Should any entry hold a picture, omit that picture and copy the rest of the entry exactly.

(Stored data entries)
= = = = = = =

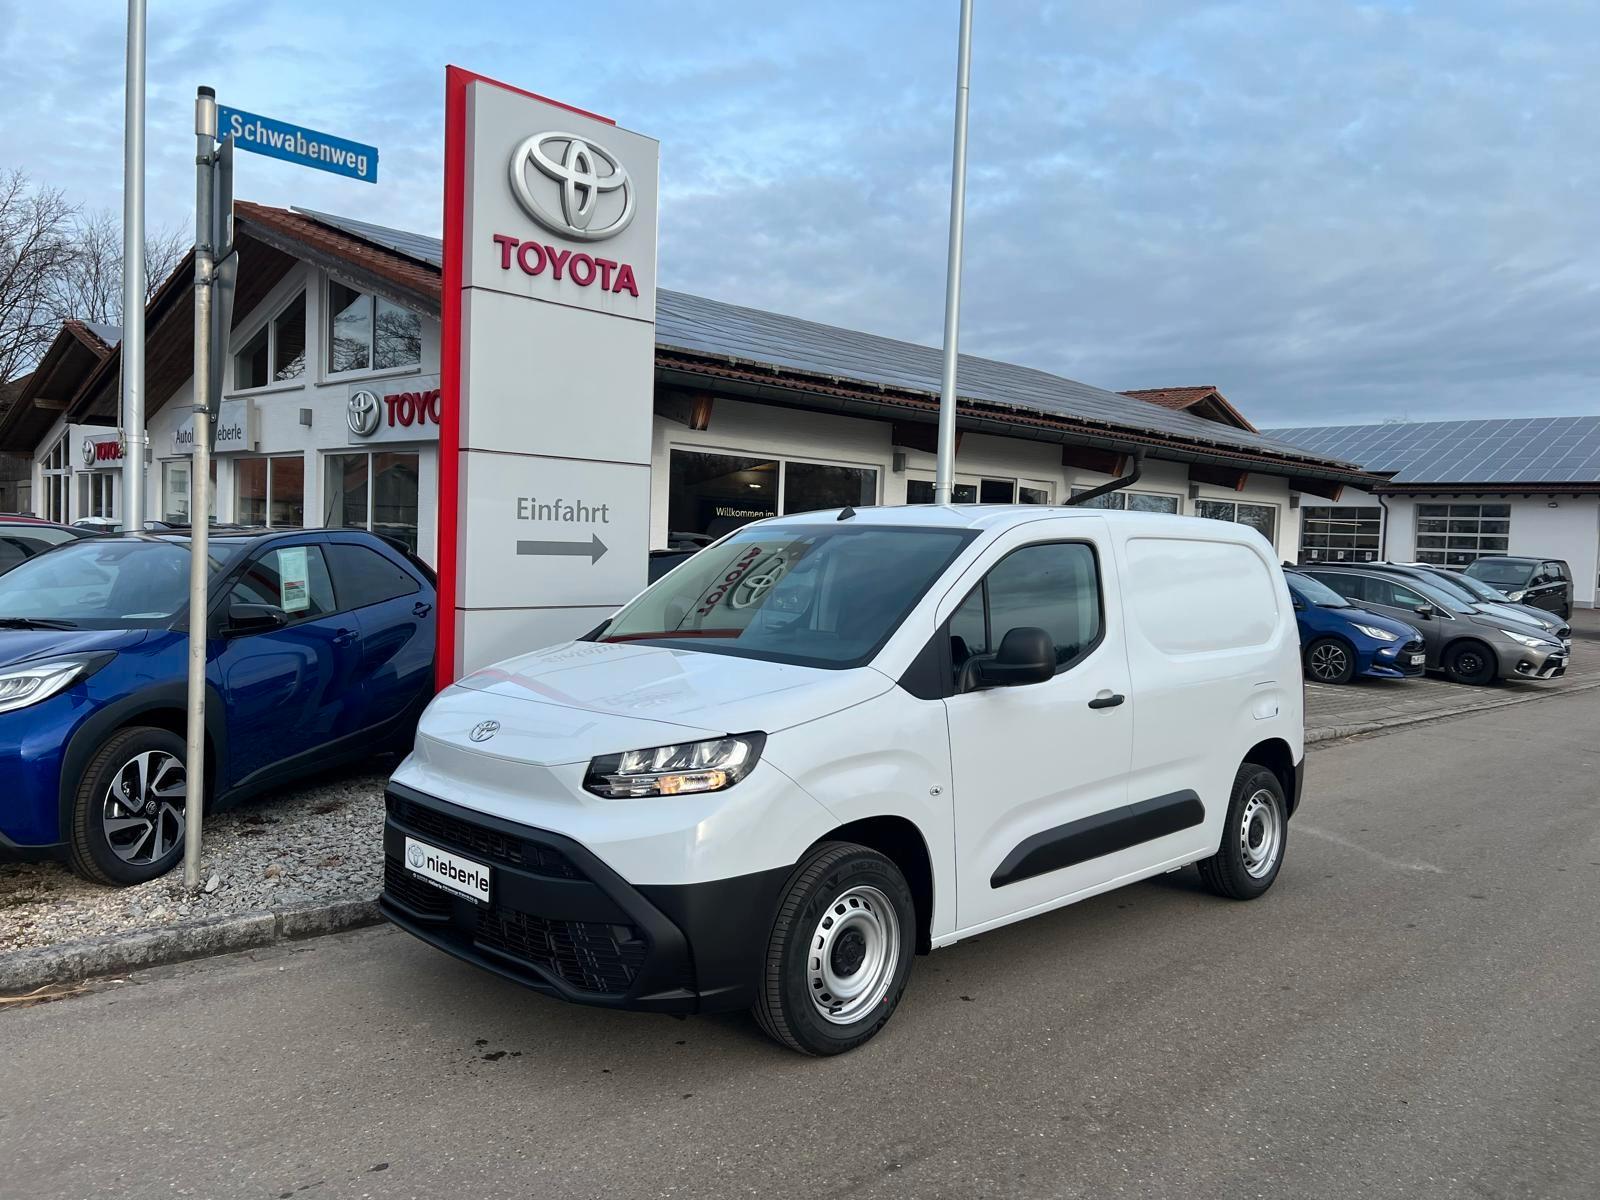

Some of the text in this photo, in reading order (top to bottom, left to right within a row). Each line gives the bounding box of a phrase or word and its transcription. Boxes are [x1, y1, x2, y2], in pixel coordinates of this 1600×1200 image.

[230, 114, 367, 176] Schwabenweg
[493, 233, 639, 297] TOYOTA
[384, 389, 441, 427] TOYO
[517, 497, 609, 523] Einfahrt
[716, 507, 764, 517] Willkommen
[427, 855, 489, 892] nieberle
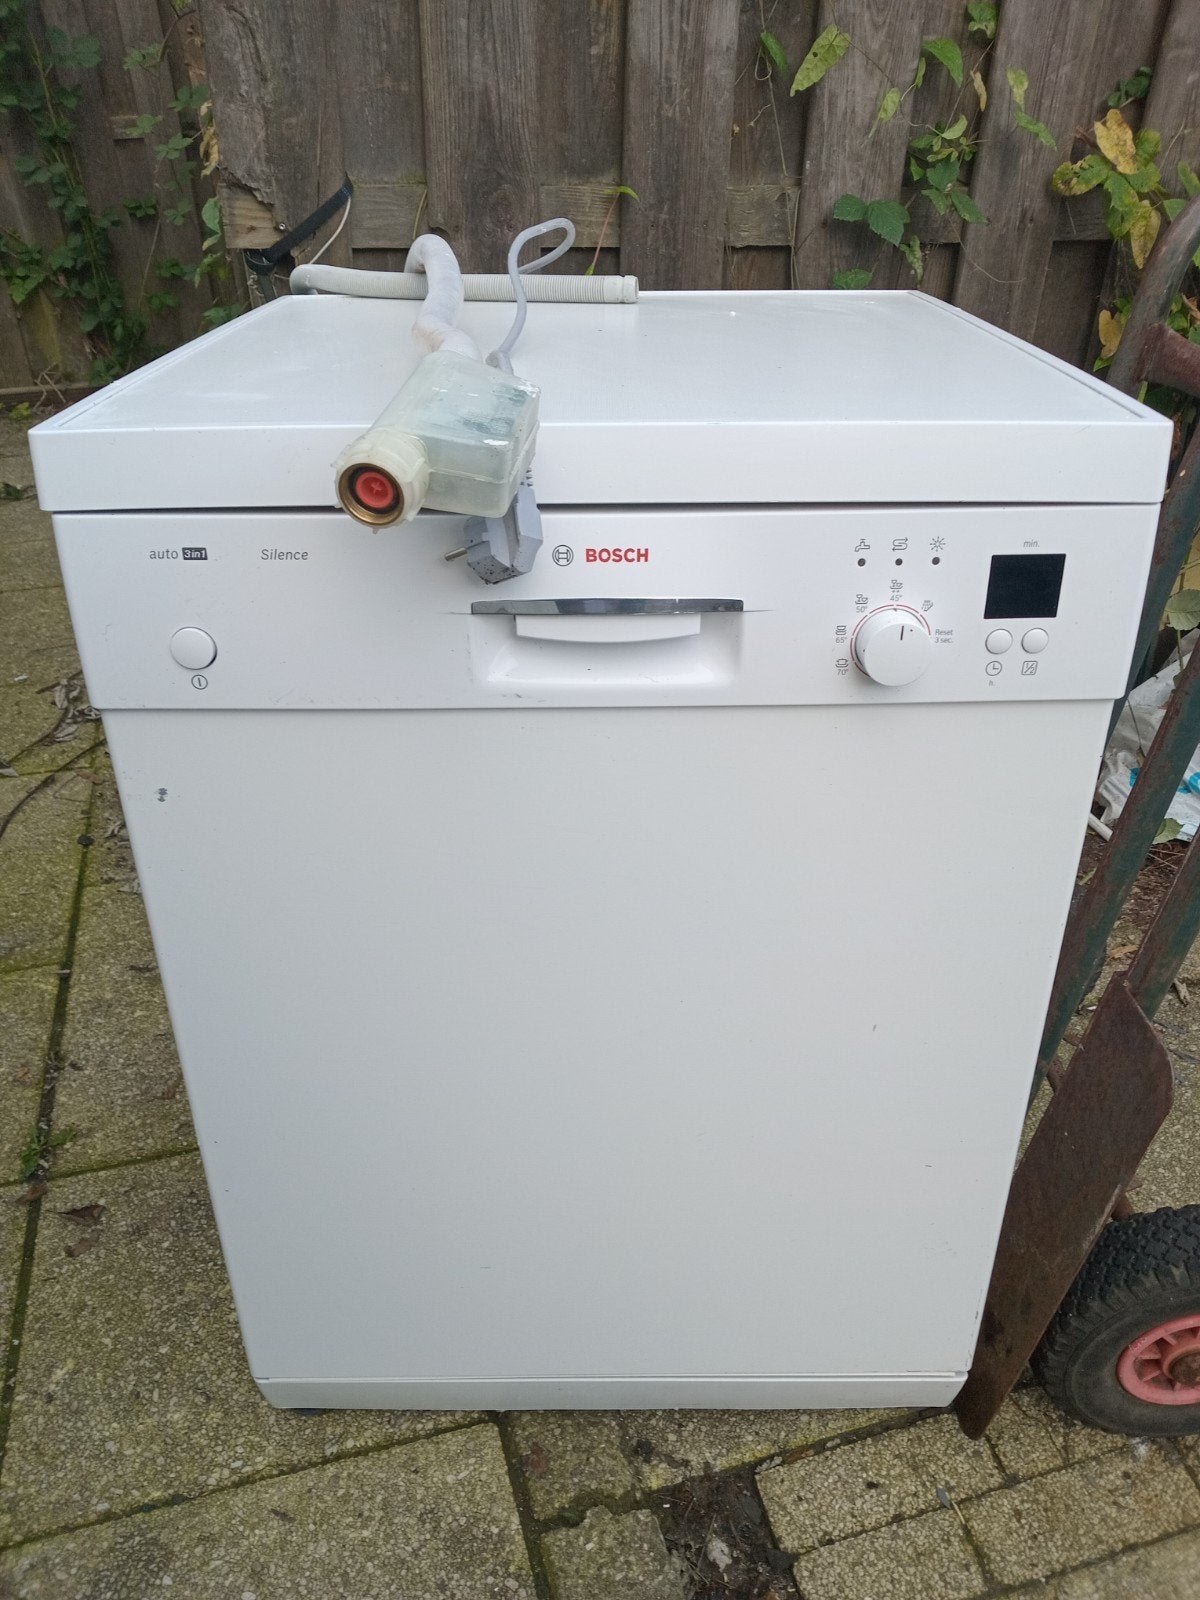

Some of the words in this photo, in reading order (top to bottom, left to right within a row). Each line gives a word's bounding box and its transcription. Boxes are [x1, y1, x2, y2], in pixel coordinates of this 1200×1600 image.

= = = = = = =

* **Response to this exercise**:
Some of the text in this photo, in reading order (top to bottom, left to right within a row). Each line gives the bounding box of a phrase or word and its transcription. Boxes are [x1, y1, x2, y2], in pixel coordinates of this 1600×1200 image.

[230, 114, 367, 176] Schwabenweg
[493, 233, 639, 297] TOYOTA
[384, 389, 441, 427] TOYO
[517, 497, 609, 523] Einfahrt
[716, 507, 764, 517] Willkommen
[427, 855, 489, 892] nieberle

Some of the words in this photo, in reading order (top to bottom, left to right within a row). Each line gives a word's bounding box and its transcription. Boxes are [x1, y1, x2, y2], in pixel coordinates of this 1200×1600 image.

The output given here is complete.